So-called "high" ratings drivers for Fitch are the "large and unfunded fiscal package announced as part of the new government's growth plan," which Fitch said in a notice outlining its downgrade decision "could lead to a significant increase in fiscal deficits over the medium term."
The government's energy price cap proposal for households and businesses equates to £60 billion ($68.3 billion), or 2.4% of 2022 GDP, over a six-month period. Changes to tax policy will also reduce revenue, according to government estimates, by £27.7 billion in fiscal-year 2023-24, and by £31.3 billion in fiscal-year 2024-25.
Fitch warned that, without "compensatory measures," the U.K. government deficit will remain elevated at 7.8% of GDP this year, increasing to 8.8% next year. That figure is expected to ease slightly in 2024, to 7.2%.
Another high driver is the change in fiscal policies expected to push general government debt to 109% of GDP in 2024, up from an estimated 101% this year. The forecast reflects higher primary deficits and a weaker growth outlook.
Increased policy uncertainty was also identified as a high driver of the rating downgrade.
Fitch said the risk of prolonged inflationary pressures was a "medium" driver, with inflation forecasts at 8.9% for this year, before gradually reducing to 4% in 2024. The ratings agency's end-2024 inflation forecast of 3.5% is above the Bank of England's target of 2%, the notice said.
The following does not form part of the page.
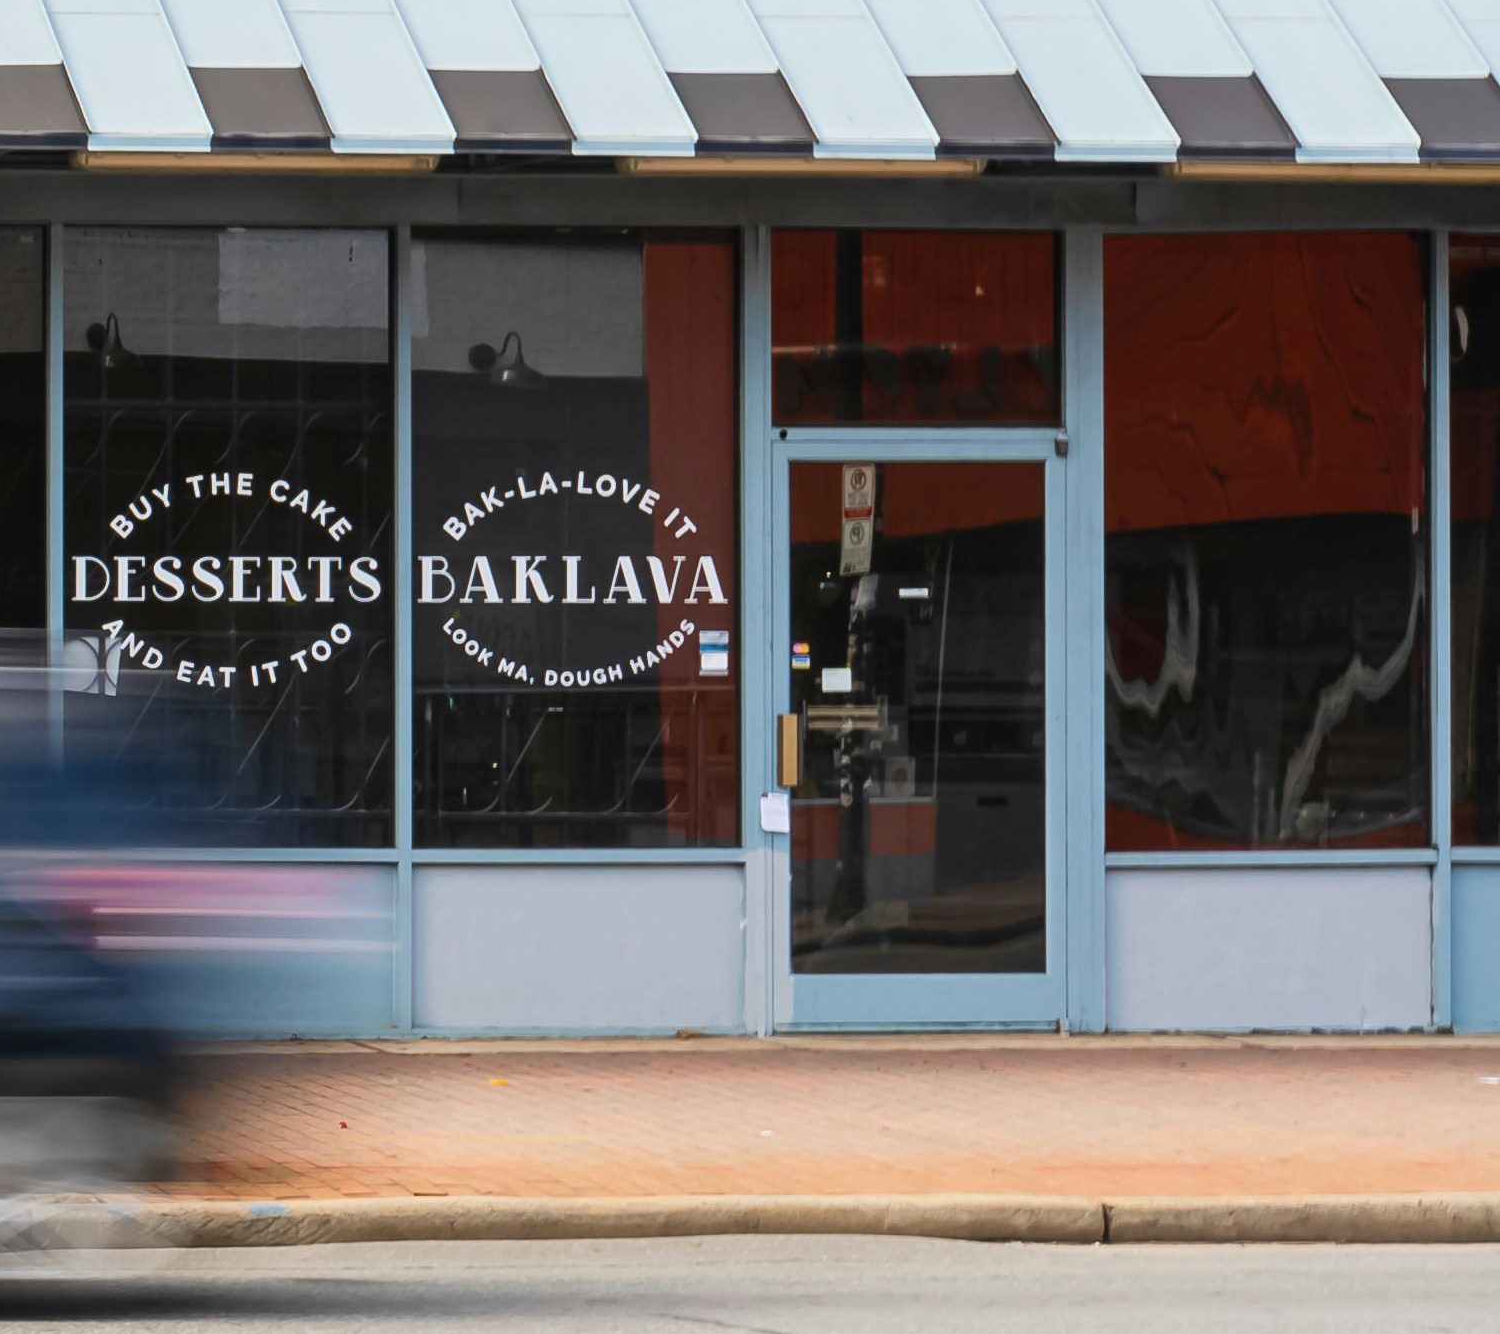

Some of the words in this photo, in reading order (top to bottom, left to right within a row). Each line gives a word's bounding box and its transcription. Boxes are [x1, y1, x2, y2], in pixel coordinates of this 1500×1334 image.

Fitch affirmed the U.K.'s issuer default rating at AA-. It said medium drivers of this rating — which is unchanged, albeit with a now-negative outlook — are weaker growth prospects, with an expectation of an economic contraction of 1% in 2023; strong financing flexibility but a high current account deficit; and political uncertainty.
The ratings agency also warned that failure to implement a credible fiscal strategy that restores market confidence and is consistent with government debt or GDP declining over the medium term could lead to a negative rating action. "Evidence that policy uncertainty and/or new trading arrangements with the EU will undermine the U.K.'s macroeconomic performance and financial stability over time" is another issue that may lead to further downgrades, as well as "political developments that lead to deterioration in governance indicators and/or undermine the territorial integrity of the U.K.," Fitch said.
Upgrades or positive rating actions could be seen if a "credible fiscal strategy that is consistent with government debt/GDP declining over the medium term" is implemented, or reduced risks to macrofinancial stability.
Fitch also revised the Bank of England's outlook to negative from stable, noting that the outlook is directly aligned with the U.K. sovereign situation.
On Sept. 30, ratings agency S&P Global downgraded its outlook on the U.K. to negative from stable "on rising fiscal risks."
The pound sterling dropped 0.72% early Thursday to $1.12.